-- SOURCE INFORMATION follows --

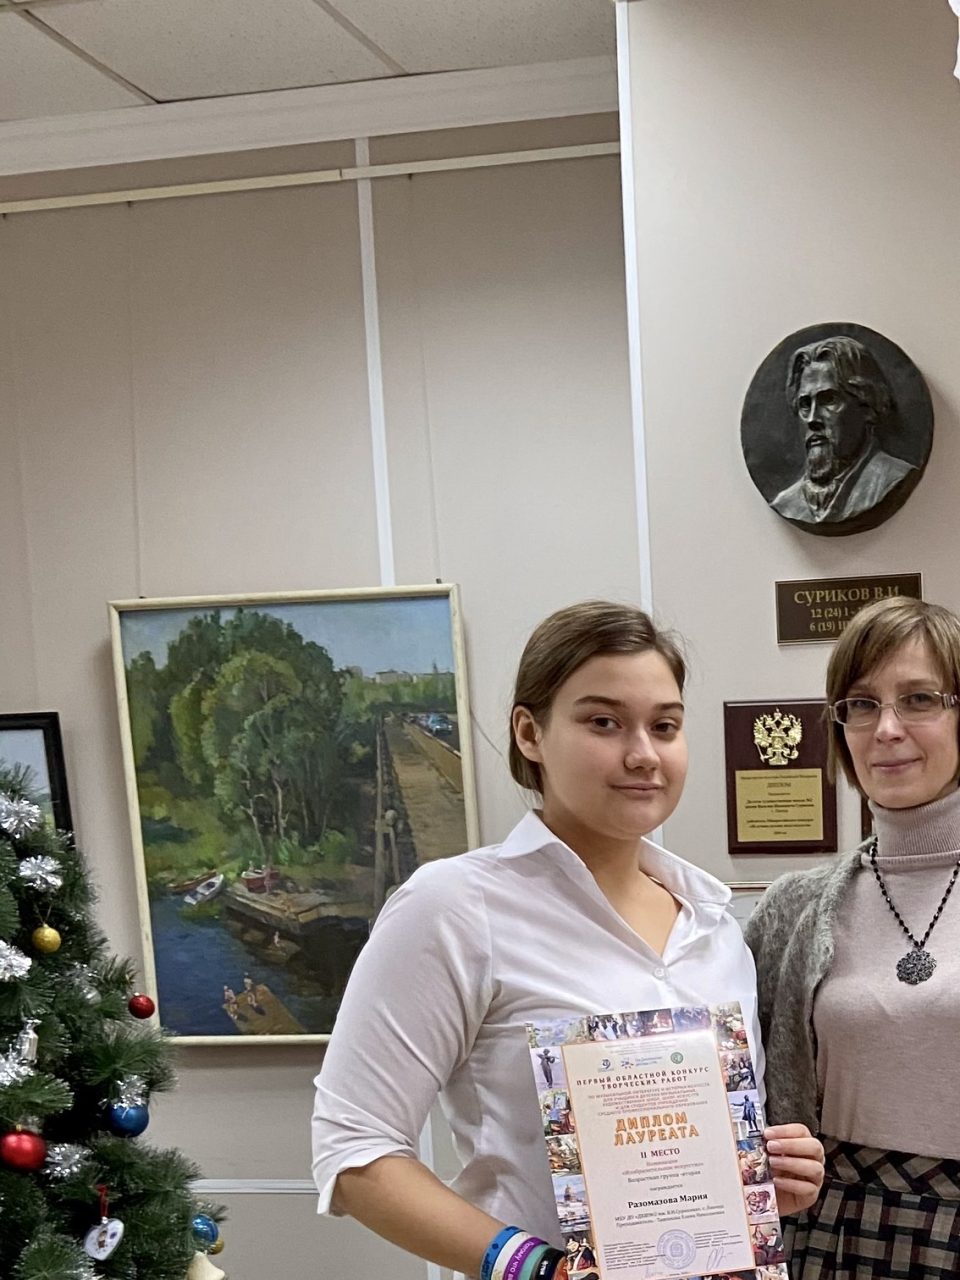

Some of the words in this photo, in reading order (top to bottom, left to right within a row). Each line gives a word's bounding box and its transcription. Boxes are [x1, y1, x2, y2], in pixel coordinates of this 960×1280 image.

[794, 588, 869, 606] СУРИКОВ
[811, 609, 822, 618] 12
[824, 607, 842, 619] (24)
[809, 623, 816, 632] 6
[818, 622, 836, 633] (19)
[575, 1076, 611, 1085] ПЕРВЫЙ
[615, 1070, 666, 1081] ОБЛАСТНОЙ
[670, 1065, 709, 1075] КОНКУРС
[601, 1079, 657, 1089] ТВОРЧЕСКИХ
[661, 1075, 687, 1083] РАБОТ
[613, 1111, 688, 1132] ДИПЛОМ
[612, 1124, 699, 1146] ЛАУРЕАТА
[650, 1147, 680, 1157] МЕСТО
[627, 1196, 678, 1209] Разомазова
[678, 1192, 708, 1203] Мария
[515, 1241, 535, 1260] Потому
[510, 1261, 519, 1272] что

-- SOURCE INFORMATION concluded --

WHAT THE TASK REQUIRES
Set down every entry exactly; omit the pictures.

OUTPUT OF THE EXERCISE
Some of the words in this photo, in reading order (top to bottom, left to right within a row). Each line gives a word's bounding box and its transcription. Boxes are [x1, y1, x2, y2], in pixel coordinates of this 960×1280 image.

[794, 588, 869, 606] СУРИКОВ
[811, 609, 822, 618] 12
[824, 607, 842, 619] (24)
[809, 623, 816, 632] 6
[818, 622, 836, 633] (19)
[575, 1076, 611, 1085] ПЕРВЫЙ
[615, 1070, 666, 1081] ОБЛАСТНОЙ
[670, 1065, 709, 1075] КОНКУРС
[601, 1079, 657, 1089] ТВОРЧЕСКИХ
[661, 1075, 687, 1083] РАБОТ
[613, 1111, 688, 1132] ДИПЛОМ
[612, 1124, 699, 1146] ЛАУРЕАТА
[650, 1147, 680, 1157] МЕСТО
[627, 1196, 678, 1209] Разомазова
[678, 1192, 708, 1203] Мария
[515, 1241, 535, 1260] Потому
[510, 1261, 519, 1272] что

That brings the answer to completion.